26 November 2012

Lord Marland, Parliamentary Under-Secretary of State, Department for Business, Innovation and Skills, has answered a House of Lords Question tabled by the Countess of Mar concerning the PACE trial.

The Countess of Mar (Crossbench):

To ask Her Majesty’s Government whether the refusal by researchers to publish trial data on recovery rates and positive outcome rates specified in their application for grant funding provided by the Department of Health, the Medical Research Council, the Scottish Office and the Department for Work and Pensions for “Comparison of adaptive pacing therapy, cognitive behaviour therapy, graded exercise therapy, and specialist medical care for chronic fatigue syndrome (PACE): a randomised trial” contravenes the agreement the researchers entered into when the award was made.[HL3151]

Lord Marland (Conservative):

The PACE trial: A Randomised Controlled Trial of CBT, graded exercise, adaptive pacing and usual medical care for the chronic fatigue syndrome, was funded by a Medical Research Council (MRC) grant to Queen Mary, University of London.

While the MRC strongly encourages the publication and dissemination of the findings of all MRC-funded research it does not require the publication of underlying research data.
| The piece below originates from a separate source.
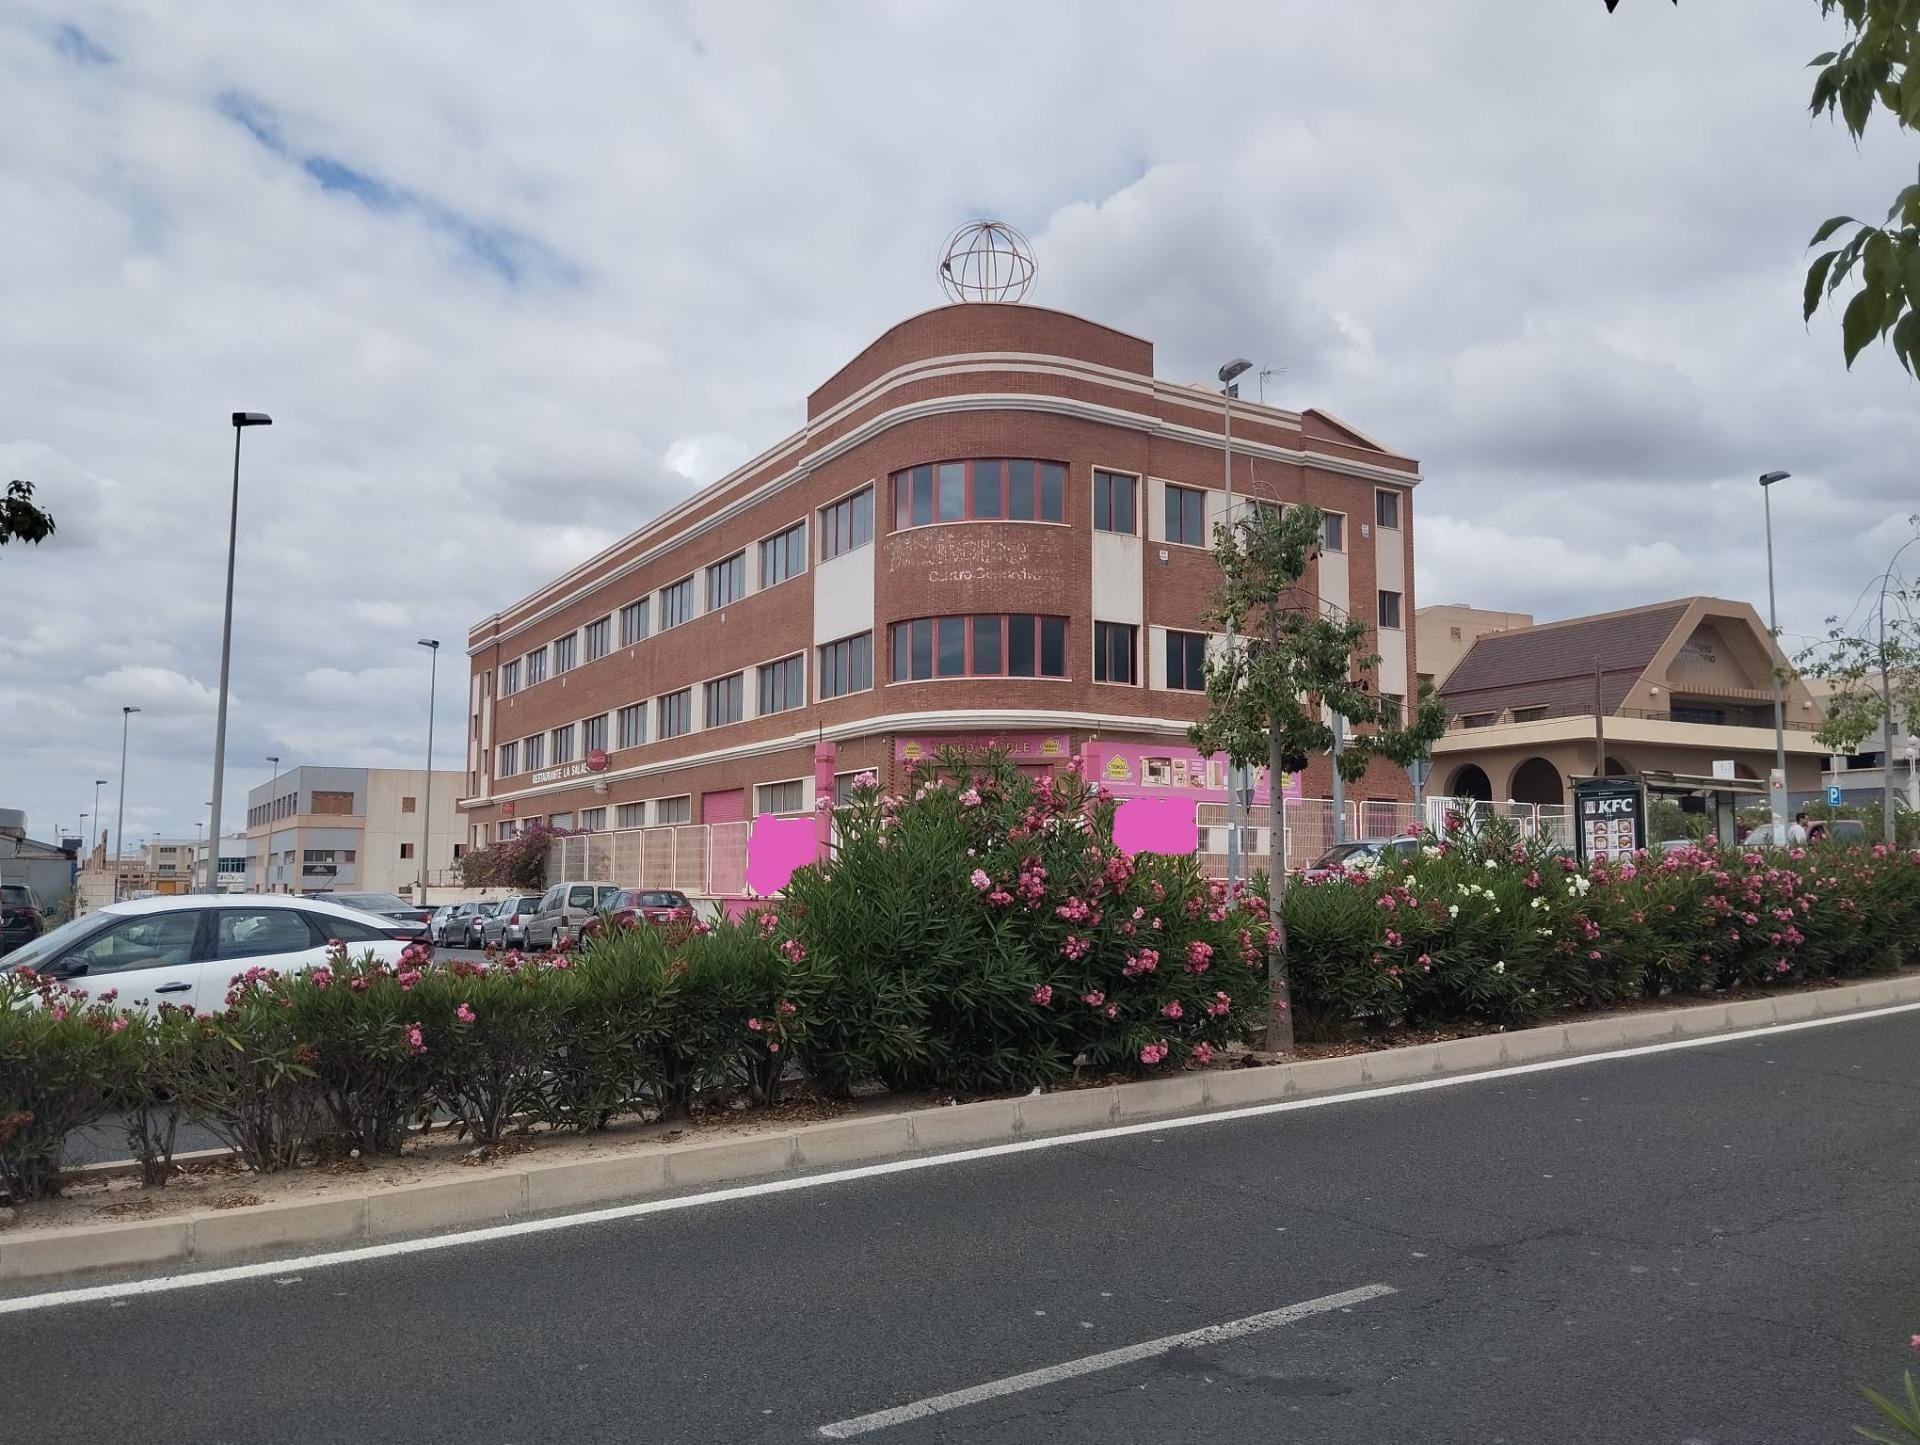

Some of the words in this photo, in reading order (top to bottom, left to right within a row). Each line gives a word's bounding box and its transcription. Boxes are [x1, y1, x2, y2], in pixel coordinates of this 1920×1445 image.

As an MRC grant, the study was subject to the RCUK (Research Council UK) and MRC terms and conditions; no additional requirements around publication were specified by the other funders of the study.

The findings of the PACE study have been reported in The Lancet, in March 2011 (published online in February 2011) and in PLOS ONE in August 2012.

These papers included the results of analyses of positive outcome rates.

The MRC is aware that Queen Mary University London received a request under the Freedom of Information Act relating to data on recovery rates and positive outcome rates which relates to an analysis initially planned by the investigators in the original protocol for the study and which was published in 2007. It is understood that the request was declined by the university as this originally planned analysis was superseded and therefore not undertaken during the study.